Provided entries>
....

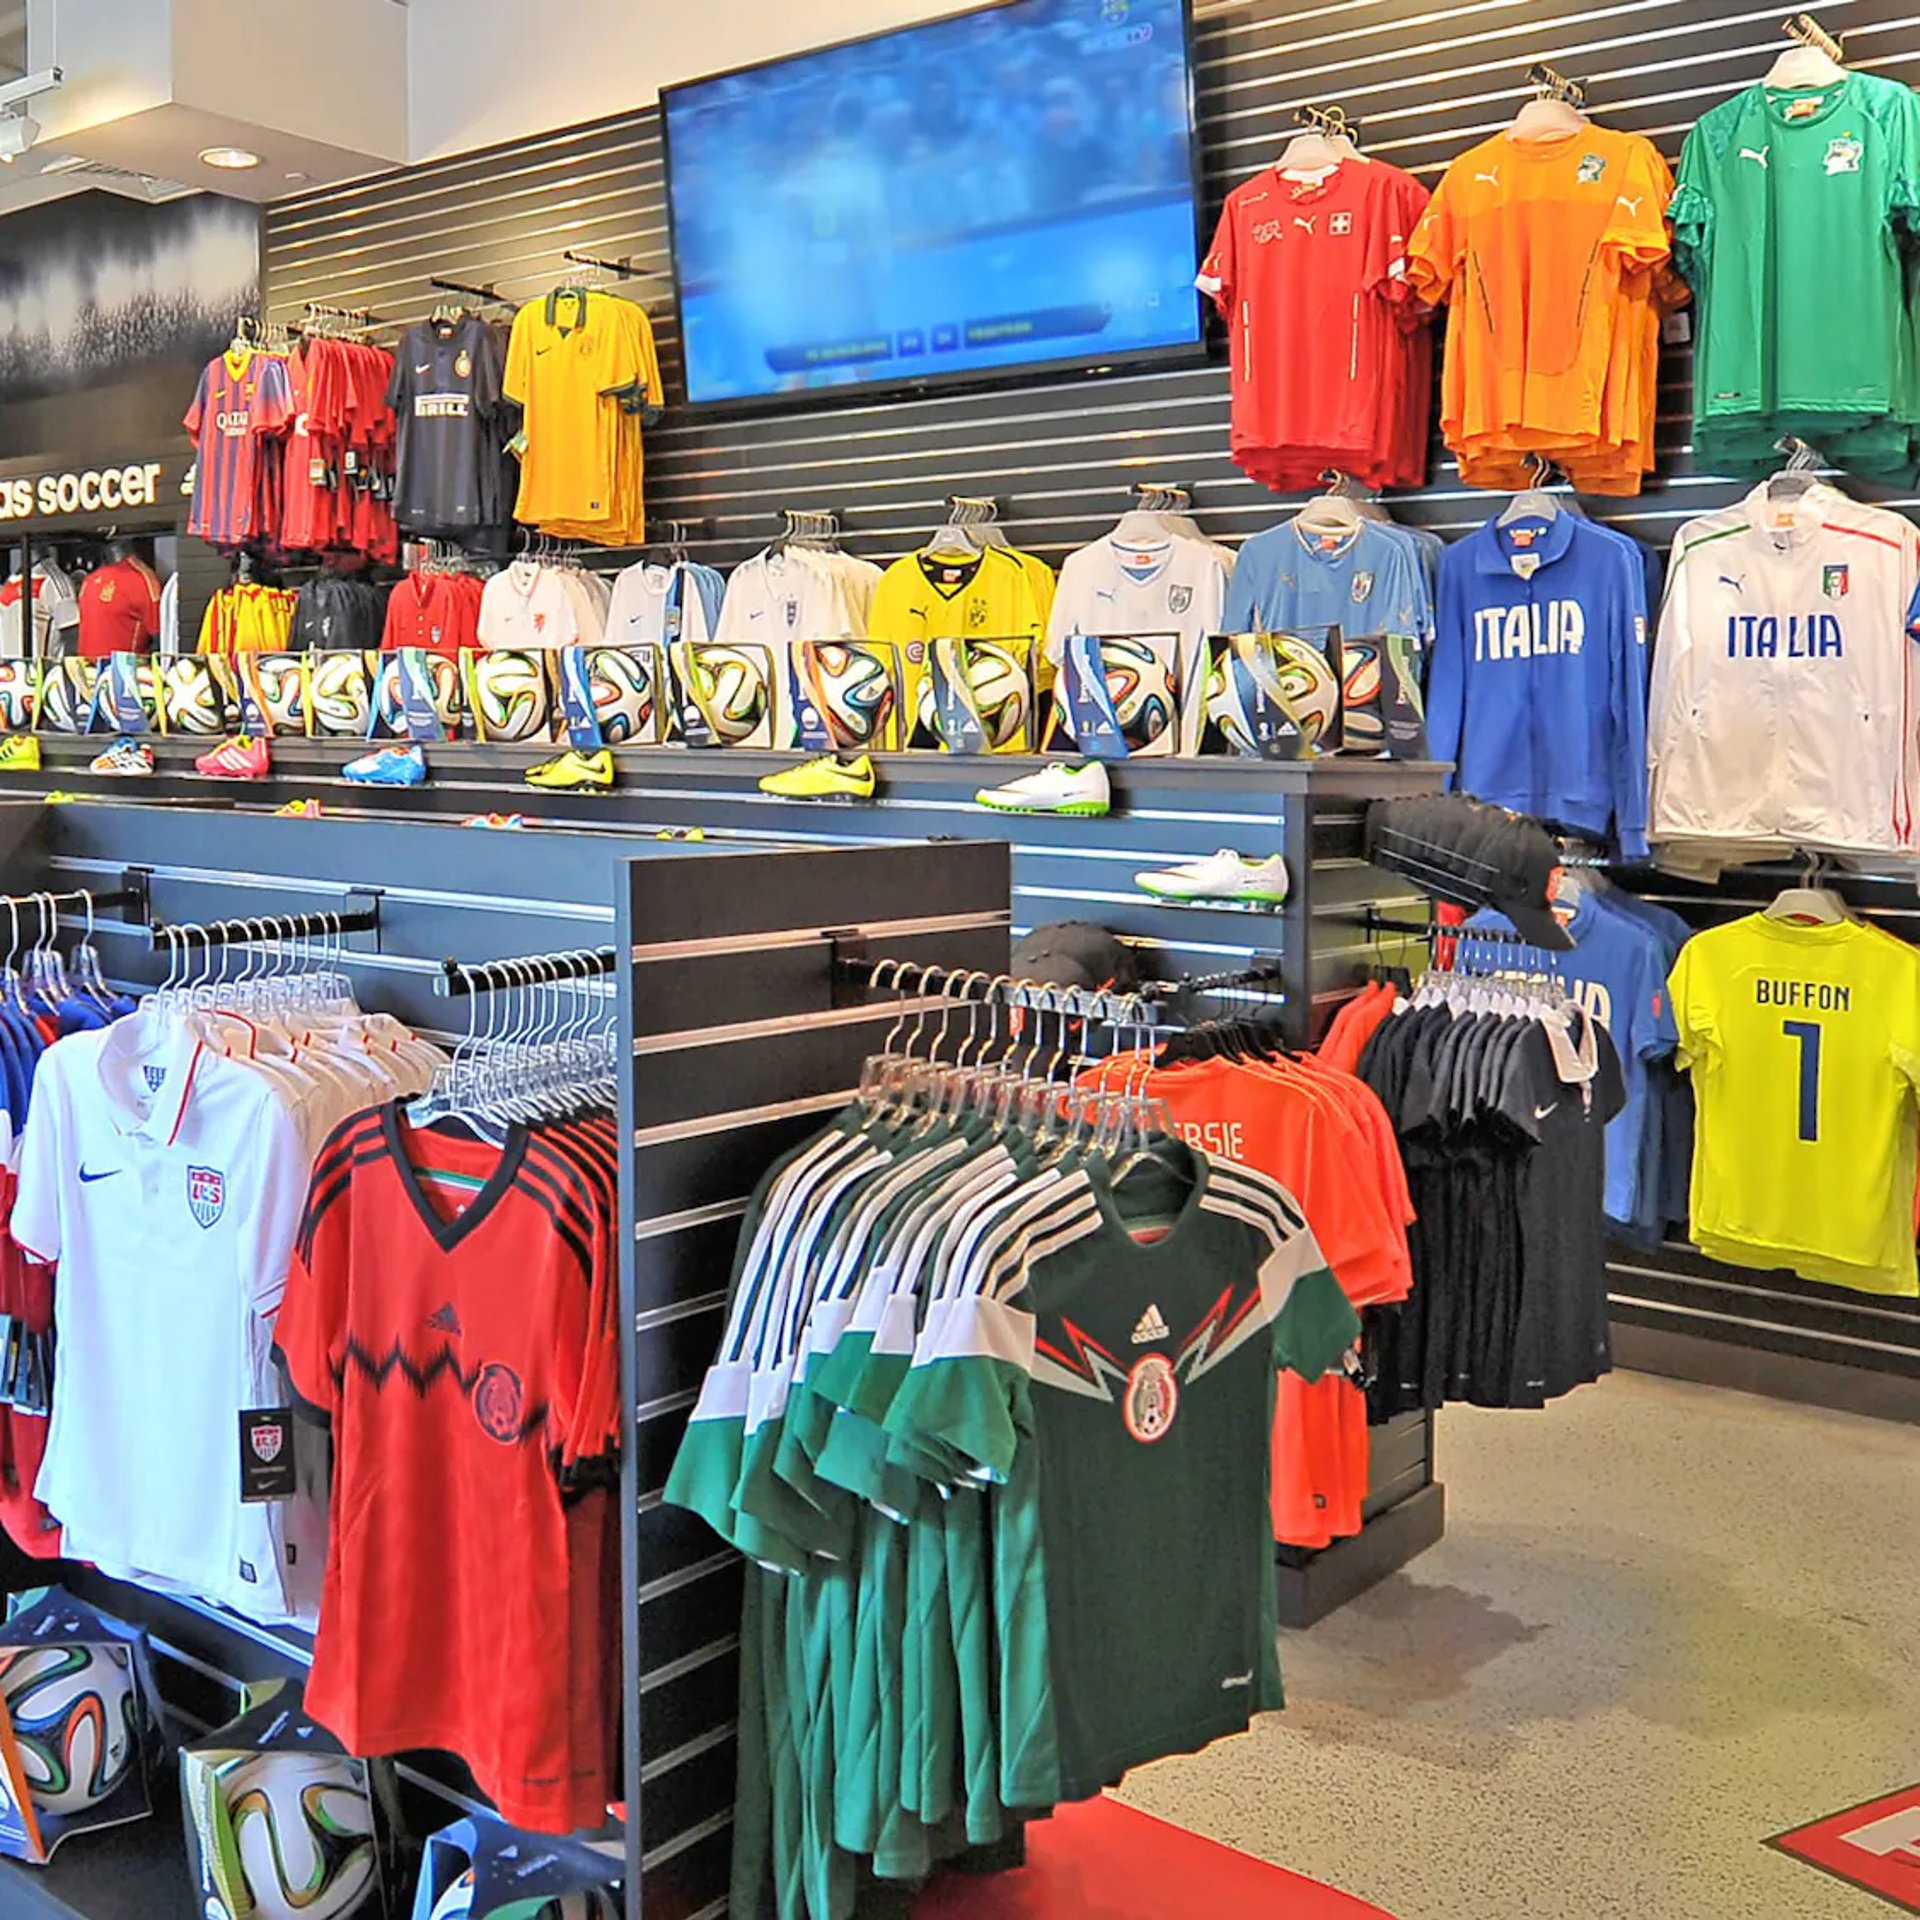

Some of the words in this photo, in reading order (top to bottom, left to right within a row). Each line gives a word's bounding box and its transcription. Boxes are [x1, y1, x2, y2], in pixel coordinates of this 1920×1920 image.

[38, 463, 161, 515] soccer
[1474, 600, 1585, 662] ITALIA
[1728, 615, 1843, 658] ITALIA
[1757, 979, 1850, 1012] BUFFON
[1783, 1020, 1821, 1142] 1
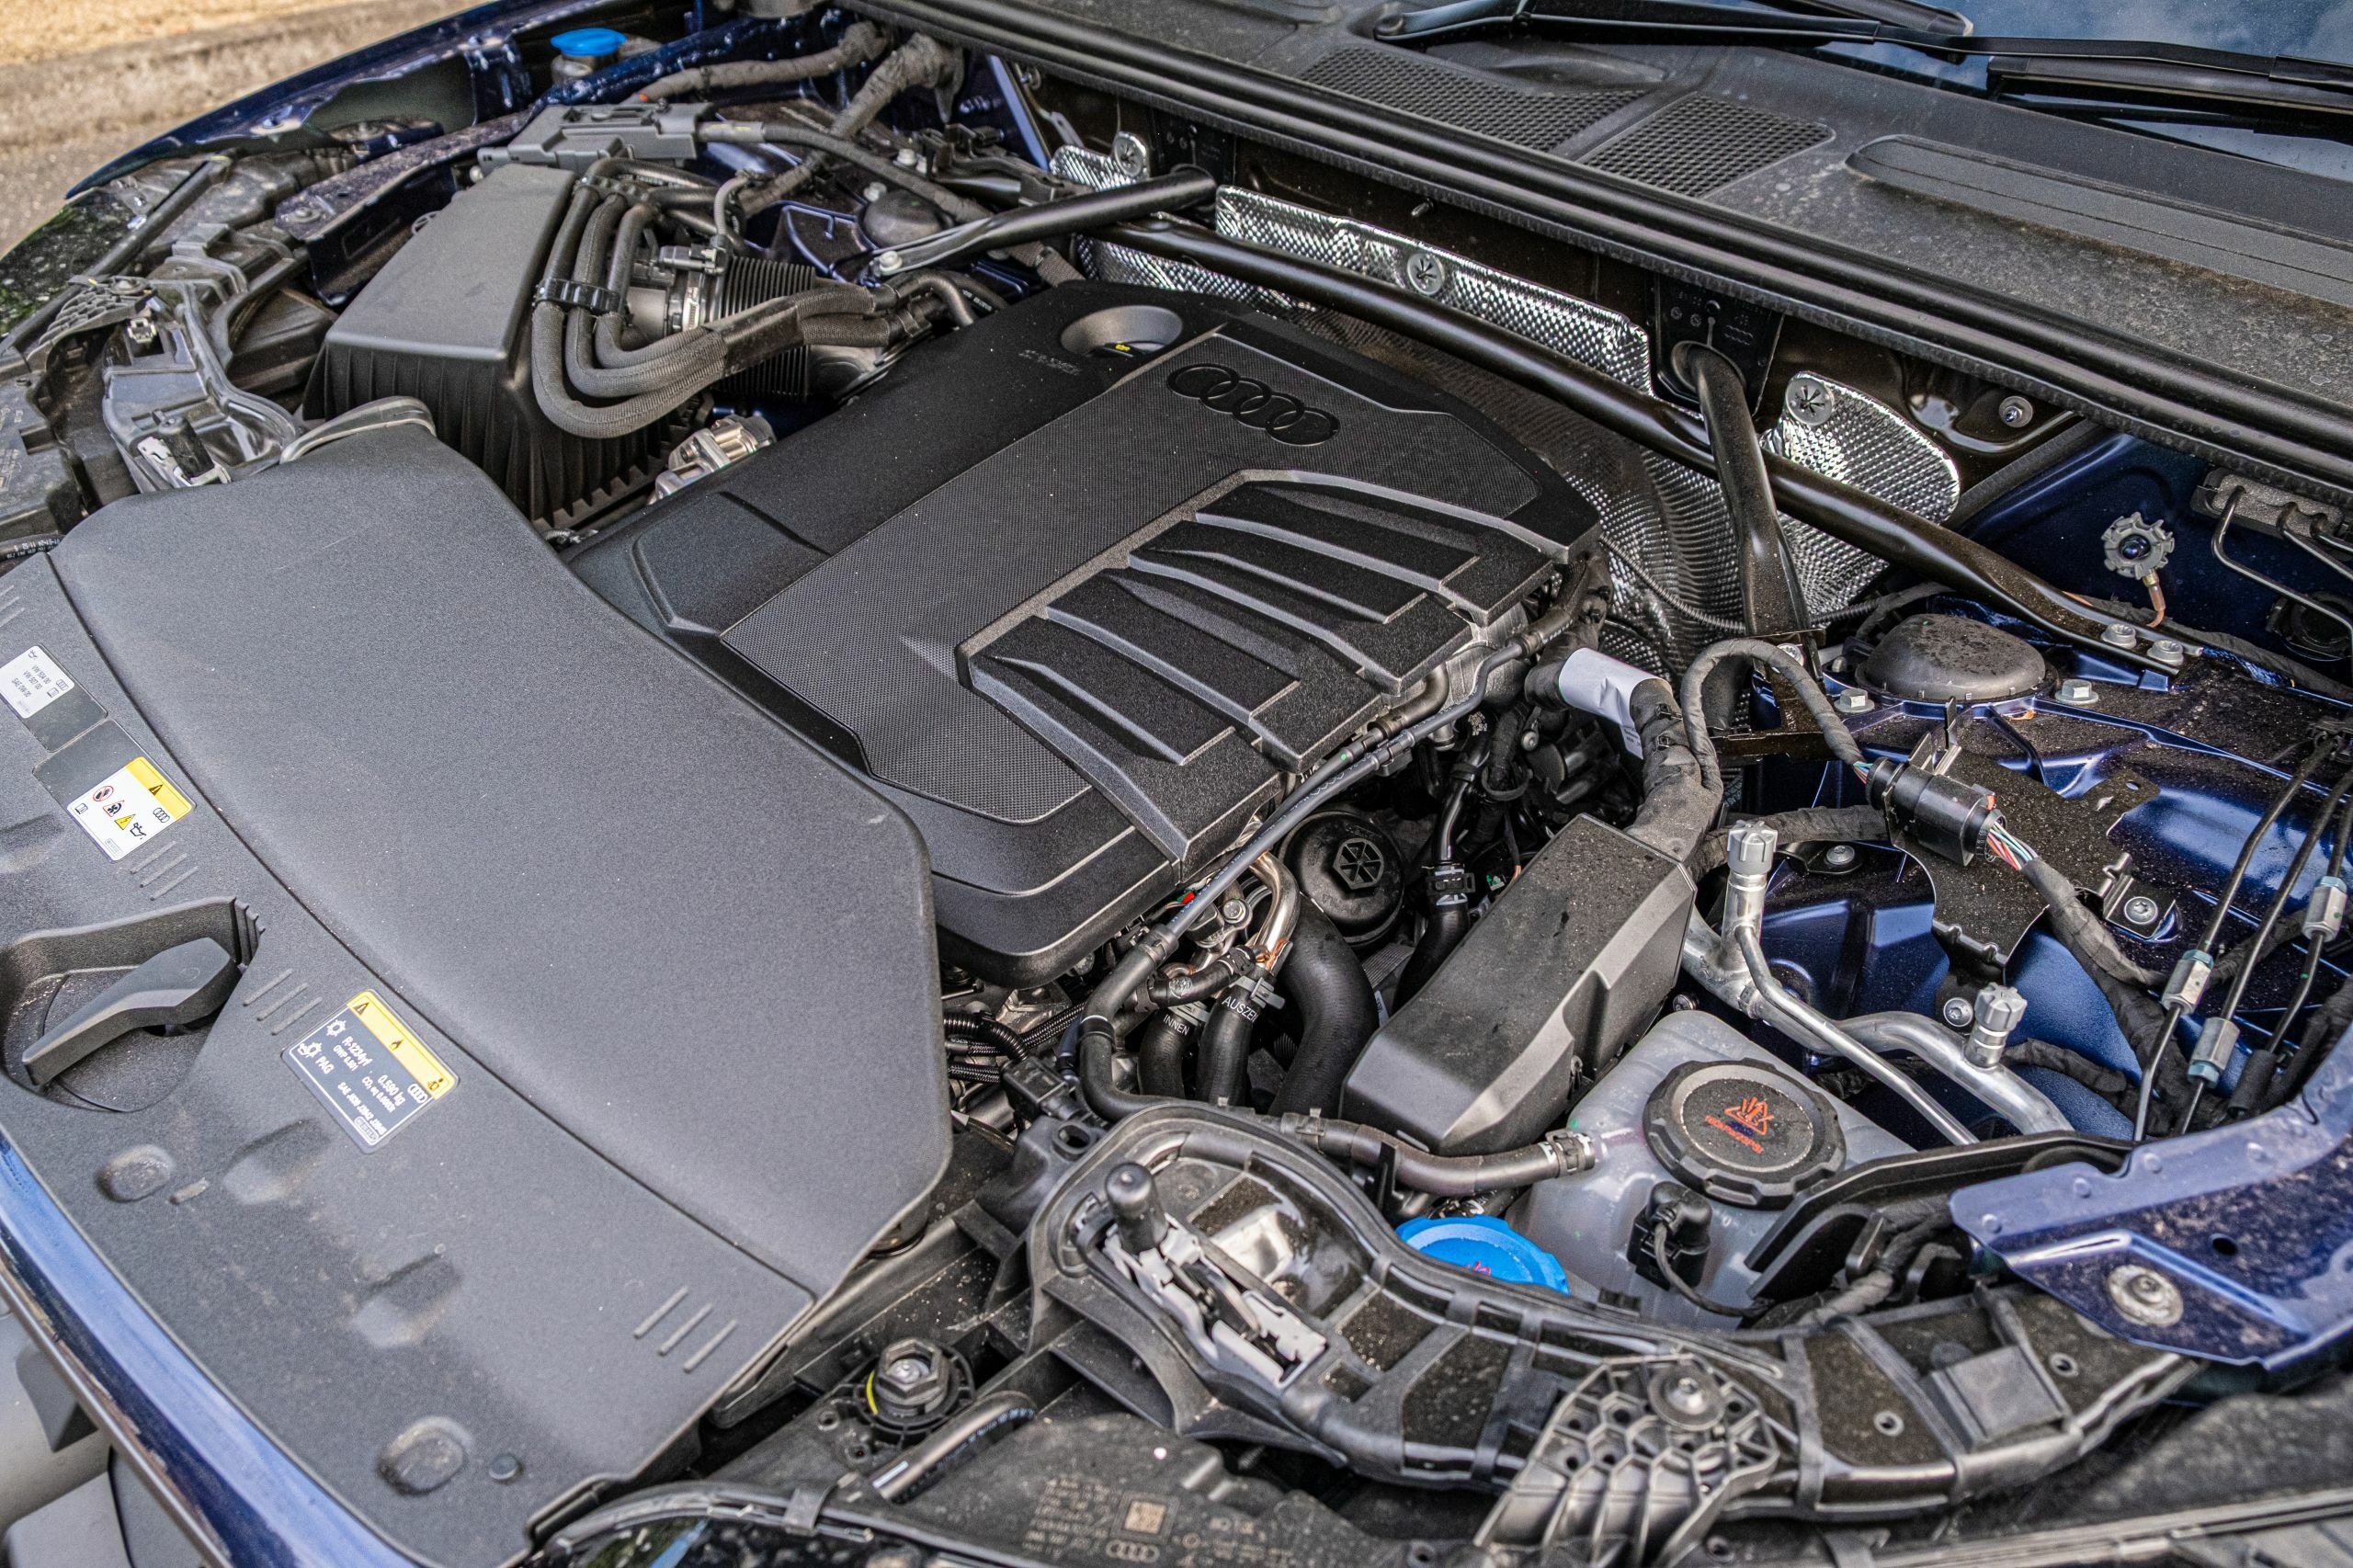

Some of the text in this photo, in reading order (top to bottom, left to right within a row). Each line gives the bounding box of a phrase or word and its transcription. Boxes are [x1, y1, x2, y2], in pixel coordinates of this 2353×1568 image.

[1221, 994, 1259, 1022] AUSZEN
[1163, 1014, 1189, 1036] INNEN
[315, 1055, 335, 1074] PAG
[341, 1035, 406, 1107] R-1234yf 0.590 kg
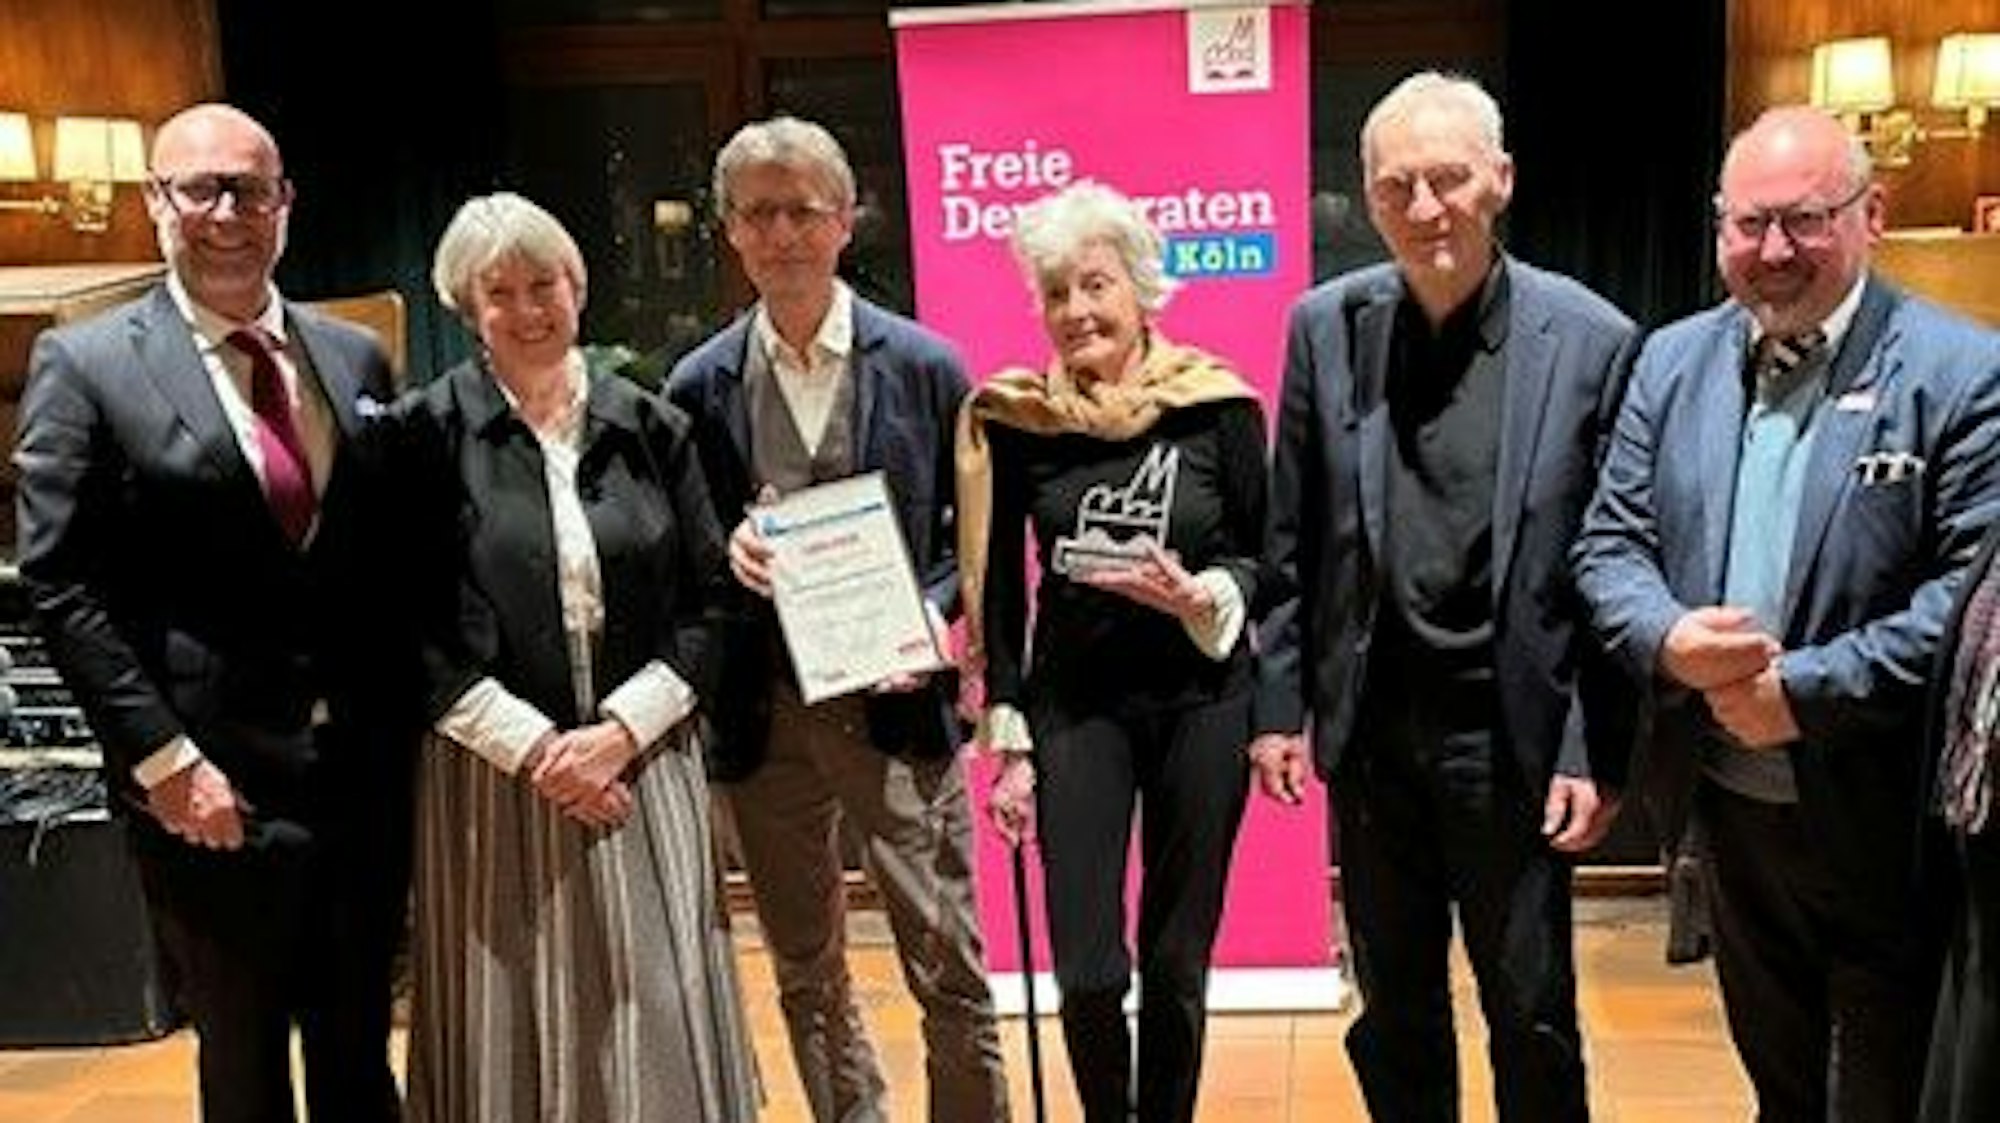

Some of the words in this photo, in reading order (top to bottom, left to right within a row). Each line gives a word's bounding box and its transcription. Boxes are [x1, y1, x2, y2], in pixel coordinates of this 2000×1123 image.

....

What to produce>
Copy all of the data word for word, and keep the pictures out of it.

Answer below>
Some of the words in this photo, in reading order (top to bottom, left to right within a row). Each line gives a word's bounding box and its transcription. Boxes are [x1, y1, x2, y2], in pixel coordinates of this 1920×1920 image.

[38, 463, 161, 515] soccer
[1474, 600, 1585, 662] ITALIA
[1728, 615, 1843, 658] ITALIA
[1757, 979, 1850, 1012] BUFFON
[1783, 1020, 1821, 1142] 1

Some of the text in this photo, in reading order (top to bottom, left to right within a row). Each line gives the bounding box of a phrase or word and its transcription. Boxes are [x1, y1, x2, y2], in pixel coordinates of this 2353×1568 image.

[1221, 994, 1259, 1022] AUSZEN
[1163, 1014, 1189, 1036] INNEN
[315, 1055, 335, 1074] PAG
[341, 1035, 406, 1107] R-1234yf 0.590 kg

Some of the words in this photo, in reading order (top to bottom, left to right within a row). Each line gives a word's bounding box and its transcription. Boxes are [x1, y1, x2, y2], in pixel coordinates of this 2000×1123 image.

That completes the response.